Biologic TNF inhibitors, such as adalimumab (Humira) and etanercept (Enbrel), block a protein called tumor necrosis factor (TNF) that promotes inflammation in the body. Biologics are technically a subset of DMARDs.
Biologic IL-12/23 inhibitor, a biologic treatment recently approved to treat psoriatic arthritis, blocks two proteins in the body that cause inflammation: interleukin 12 (IL-12) and interleukin 23 (IL-23). The first of this type of drug, ustekinumab (Stelara), treats both joint inflammation and skin flare-ups.
Biologic IL-17 inhibitor, secukinumab (Cosentyx), is the newest drug to get approved by the U.S. Food and Drug Administration (FDA)l to treat psoriatic arthritis. This drug is also approved to treat psoriasis and ankylosing spondylitis (also known as spinal arthritis), which are sometimes also present with psoriatic arthritis.
Apremilast (Otezla), also a newer treatment, is not considered a biologic but does block an enzyme known as phosphodiesterase 4 (PDE4) that causes inflammation.
4. Q: What lifestyle changes can patients make to improve their psoriatic arthritis?
A: I try to emphasize to my patients that lifestyle changes are complementary to taking their medications; they're not in exclusion of each other.

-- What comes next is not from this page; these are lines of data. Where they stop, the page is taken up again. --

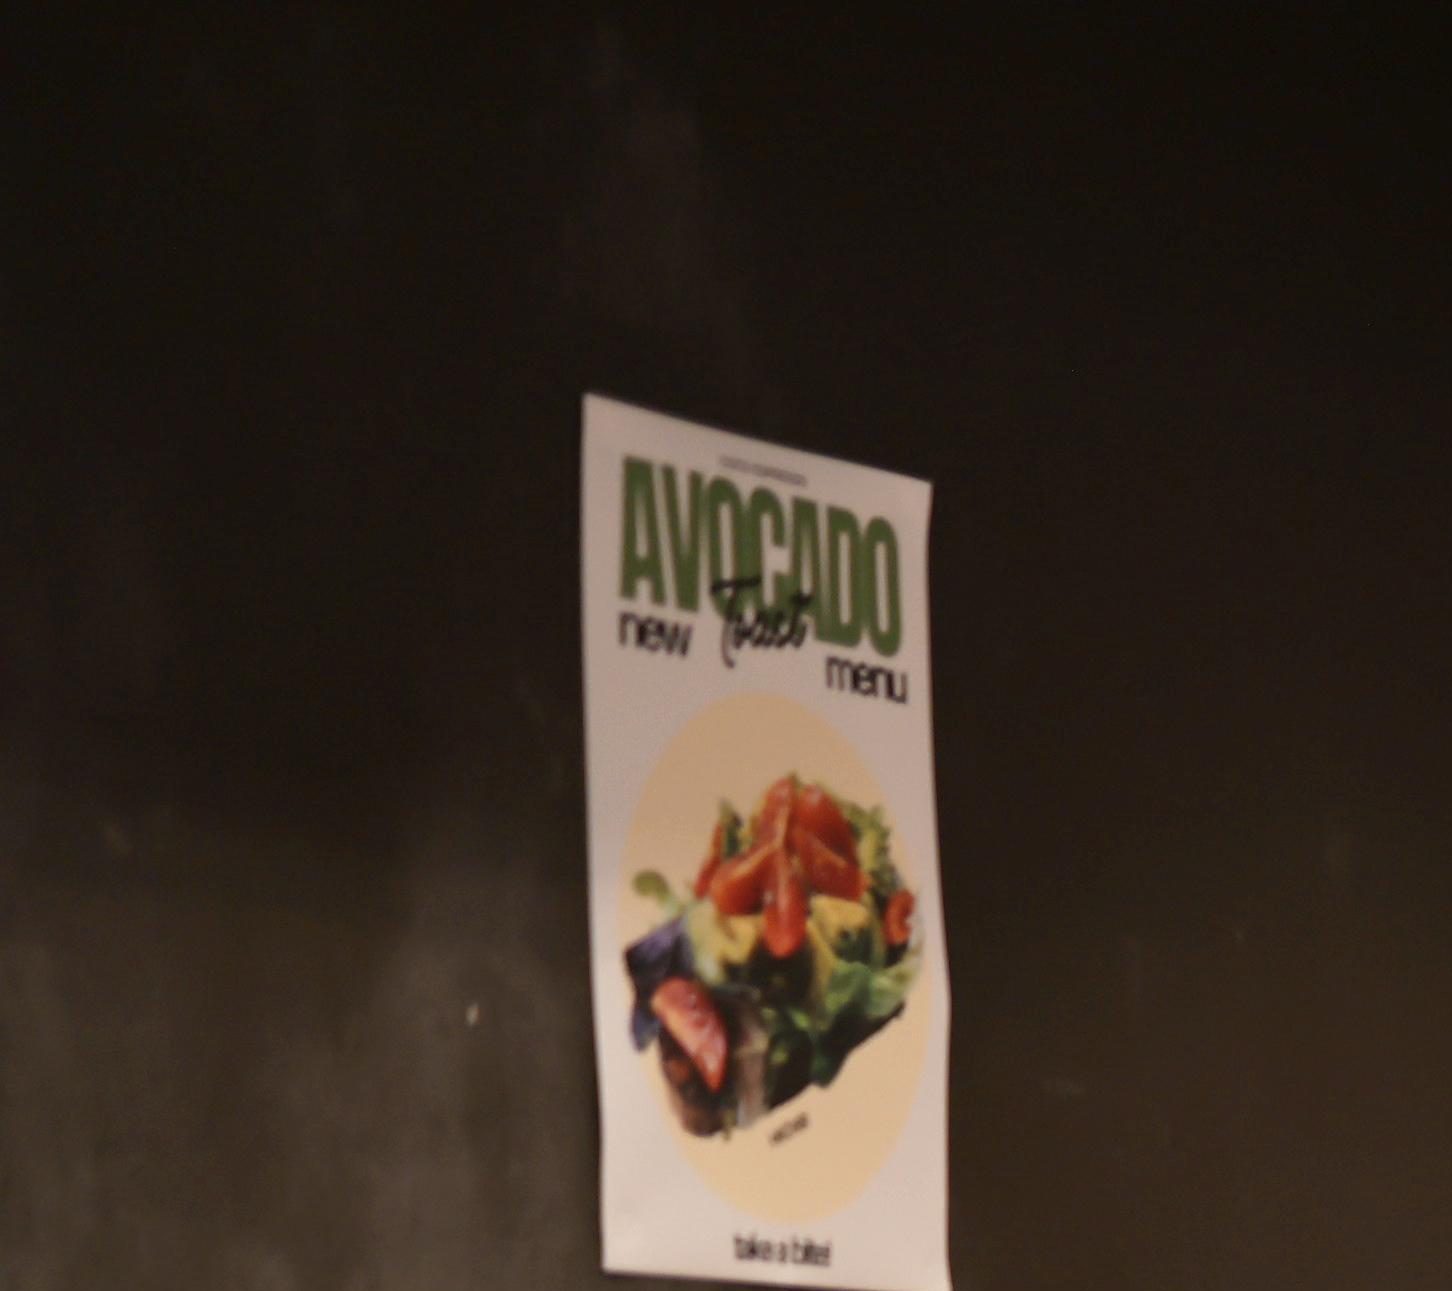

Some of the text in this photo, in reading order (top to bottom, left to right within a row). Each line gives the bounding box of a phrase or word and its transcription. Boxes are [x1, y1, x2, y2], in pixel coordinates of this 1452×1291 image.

[620, 454, 903, 658] AVOCADO
[618, 610, 693, 659] new
[825, 655, 908, 705] menu
[733, 1231, 773, 1263] take
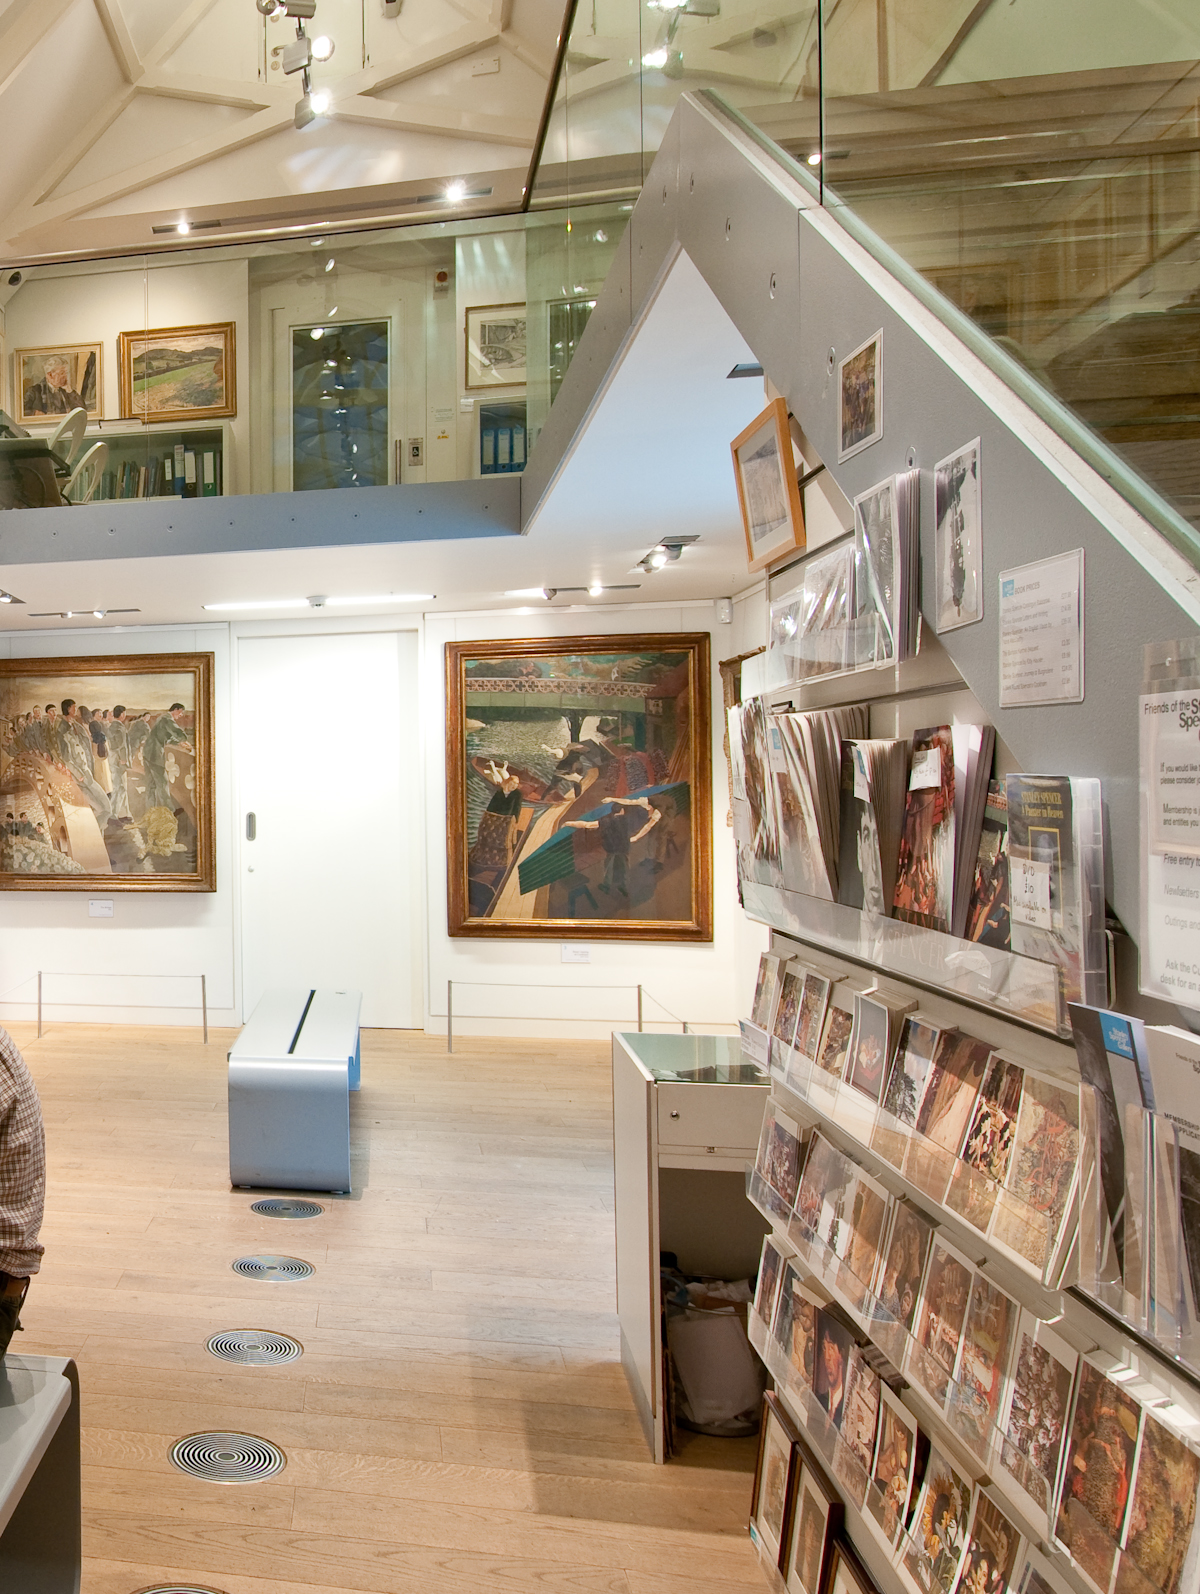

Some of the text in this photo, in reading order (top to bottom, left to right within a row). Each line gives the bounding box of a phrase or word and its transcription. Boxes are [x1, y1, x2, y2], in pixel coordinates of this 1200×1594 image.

[1015, 586, 1026, 596] BOOK
[1026, 581, 1041, 592] PRICES
[1144, 698, 1200, 715] Friends of the S
[1160, 762, 1165, 772] If
[1166, 766, 1175, 774] you
[1175, 764, 1189, 772] would
[1189, 764, 1198, 772] like
[1160, 777, 1176, 785] please
[1176, 776, 1196, 784] consider
[1021, 791, 1063, 804] STANLEY SPENCER
[1163, 803, 1192, 815] Membership
[1190, 820, 1199, 828] you
[1163, 853, 1177, 865] Free
[1179, 856, 1195, 869] entry
[1165, 914, 1188, 930] Outings
[885, 929, 946, 972] SPENCER
[1165, 959, 1178, 970] Ask
[1180, 961, 1191, 973] the
[1160, 973, 1176, 986] desk
[1177, 976, 1187, 988] for
[1188, 981, 1197, 990] an
[1164, 1111, 1199, 1131] MEMBERSHIP

Physical therapy can be helpful, especially joint-specific exercises that focus on symptoms such as neck, hip, knee, or foot pain. I recommend taking omega-3 fatty acids in the form of fish oil to help treat inflammation. Also, vitamin D supplements can help maintain bone strength and reduce inflammation.
As far as diet goes, I offer my patients advice on foods that are rich in omega-3s. Since sugar and red meat can aggravate symptoms, I stress the importance of eliminating those things from their diets.